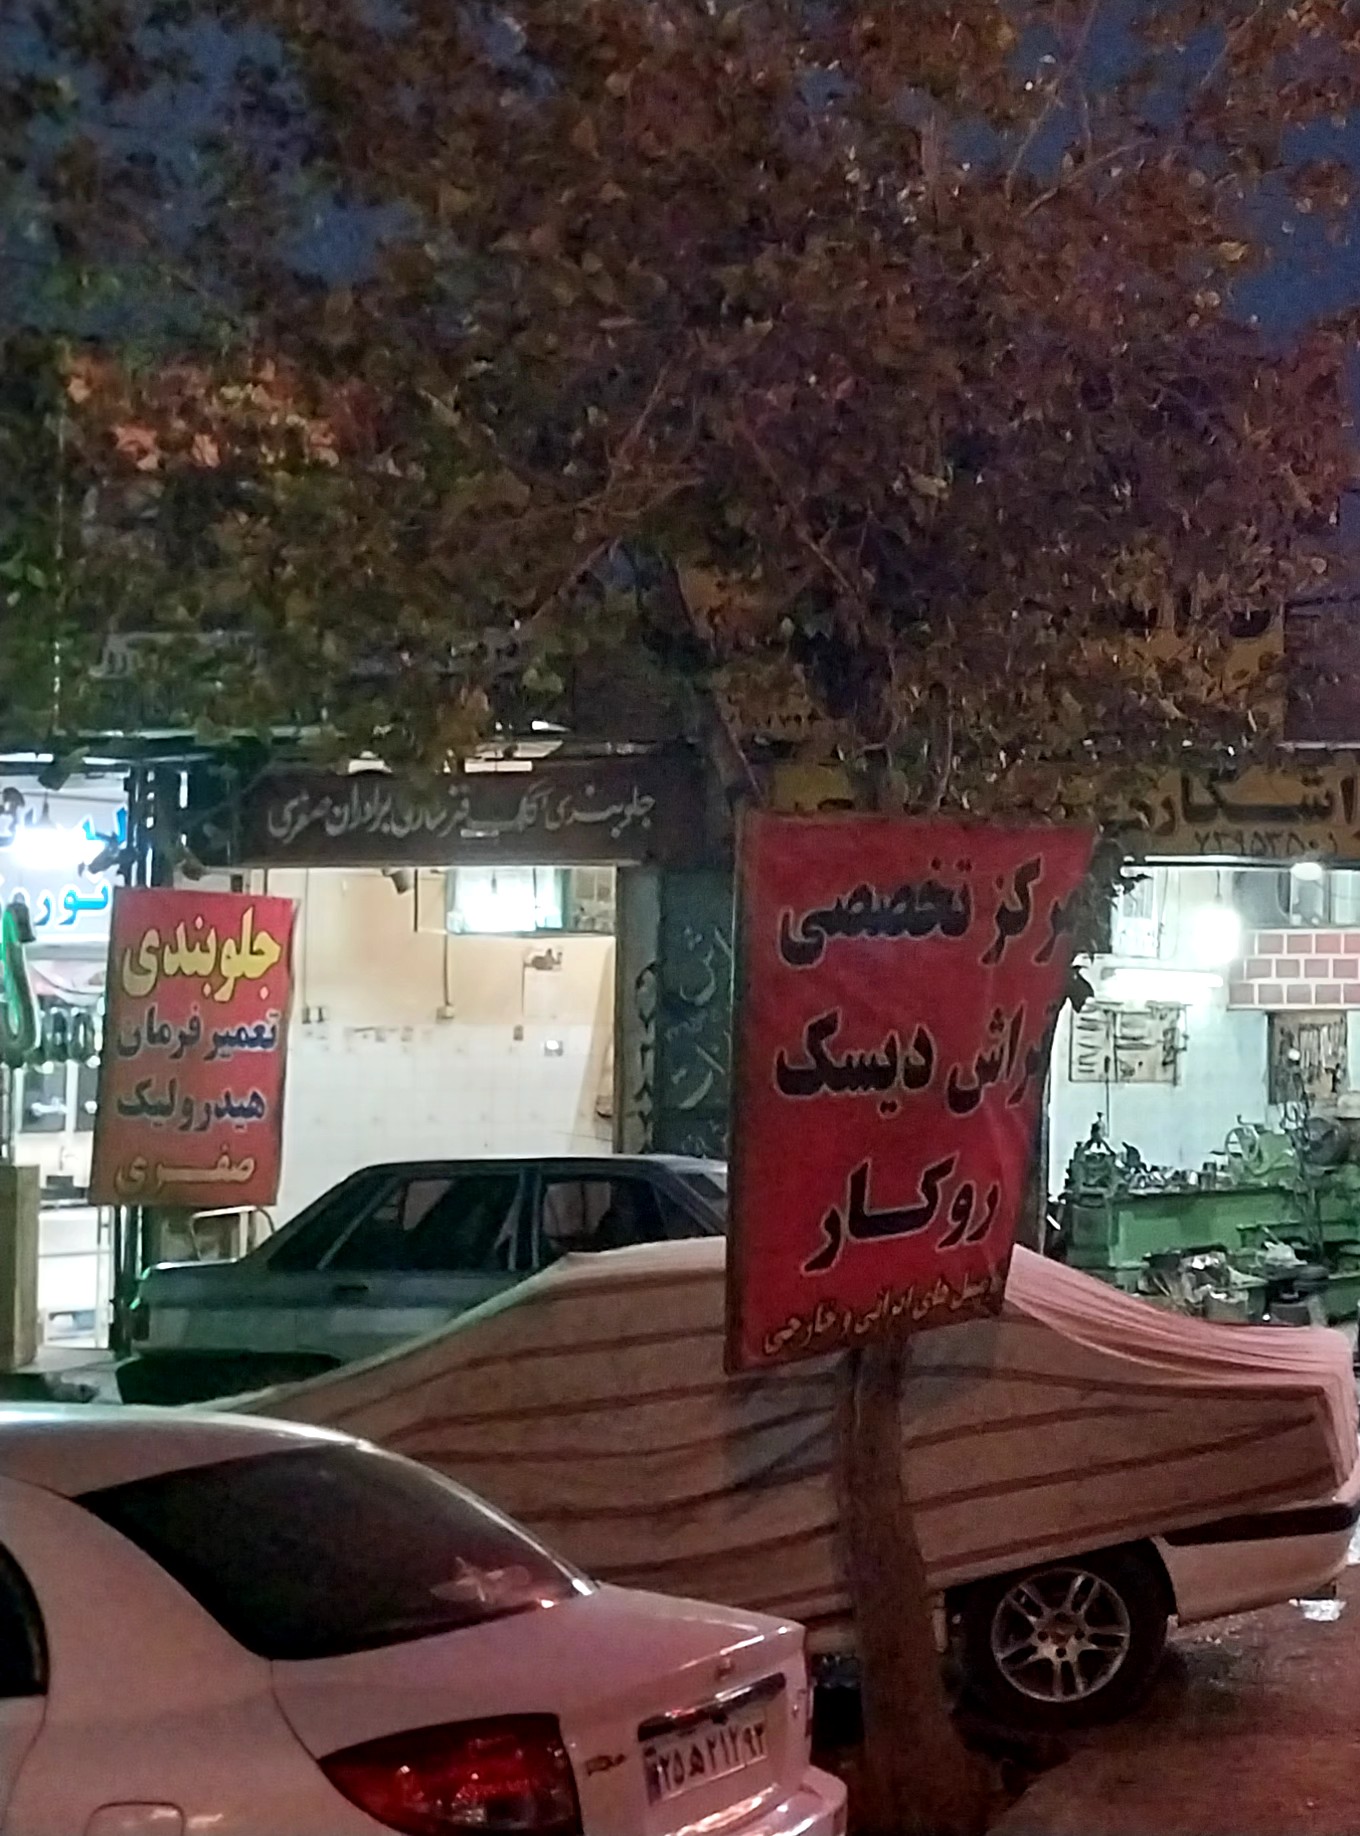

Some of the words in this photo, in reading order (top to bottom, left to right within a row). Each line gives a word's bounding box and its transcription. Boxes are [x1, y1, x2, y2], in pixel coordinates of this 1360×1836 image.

[545, 784, 657, 838] جلوبندی
[778, 857, 975, 970] تخصصی
[122, 908, 281, 1003] جلوبندی
[116, 1005, 203, 1061] فرمان
[204, 1008, 278, 1062] تعمیر
[774, 1006, 938, 1119] دیسک
[116, 1077, 267, 1134] هیدرولیک
[114, 1144, 257, 1191] صفری
[802, 1152, 1002, 1275] روکار

- [YOUR INSTRUCTIONS]:
Each record above needs to be copied exactly, with images left out.

- [TASK ANSWER]:
Some of the words in this photo, in reading order (top to bottom, left to right within a row). Each line gives a word's bounding box and its transcription. Boxes are [x1, y1, x2, y2], in pixel coordinates of this 1360×1836 image.

[545, 784, 657, 838] جلوبندی
[778, 857, 975, 970] تخصصی
[122, 908, 281, 1003] جلوبندی
[116, 1005, 203, 1061] فرمان
[204, 1008, 278, 1062] تعمیر
[774, 1006, 938, 1119] دیسک
[116, 1077, 267, 1134] هیدرولیک
[114, 1144, 257, 1191] صفری
[802, 1152, 1002, 1275] روکار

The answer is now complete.